Vancouver 2010 medals will be made from electronic waste

Click to follow
The Independent Online

Medals for the 2010 Olympic Games in Vancouver will contain gold, silver, and copper from recycled TVs, computers, and keyboards that might otherwise have ended up as e-waste.

The Canadian company Teck is the exclusive supplier of the metals used in the production of the more than 1,000 medals to be awarded at the Vancouver 2010 Olympic and Paralympic Winter Games. The 2010 medals are making medal history as the first to contain metals recovered from processing the circuit boards of end-of-life electronics otherwise destined for the landfill.

Historically, metal for the medals has been sourced only from mineral deposits that are mined from the earth and refined for commercial use. Teck has created a recycling process to recover metals contained in cathode ray tube glass, computer parts, and circuit boards.

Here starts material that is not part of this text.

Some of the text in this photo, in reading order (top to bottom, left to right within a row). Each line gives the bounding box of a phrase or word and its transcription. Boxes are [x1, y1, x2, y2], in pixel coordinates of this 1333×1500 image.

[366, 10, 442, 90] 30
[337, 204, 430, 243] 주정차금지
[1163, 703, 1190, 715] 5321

To make the 2009 Olympic medals, the gold, silver, and copper recovered from end-of-life electronics were then combined with metal from other sources. According to Teck, the content of recovered metal from e-waste material in the specific medals is: Gold: 1.52 percent; Silver: 0.122 percent; Copper: 1.11 percent.

2010 Olympic medals are being produced by the Royal Canadian Mint. They feature contemporary Aboriginal artwork by Corrine Hunt, a Canadian designer of Komoyue and Tlingit heritage.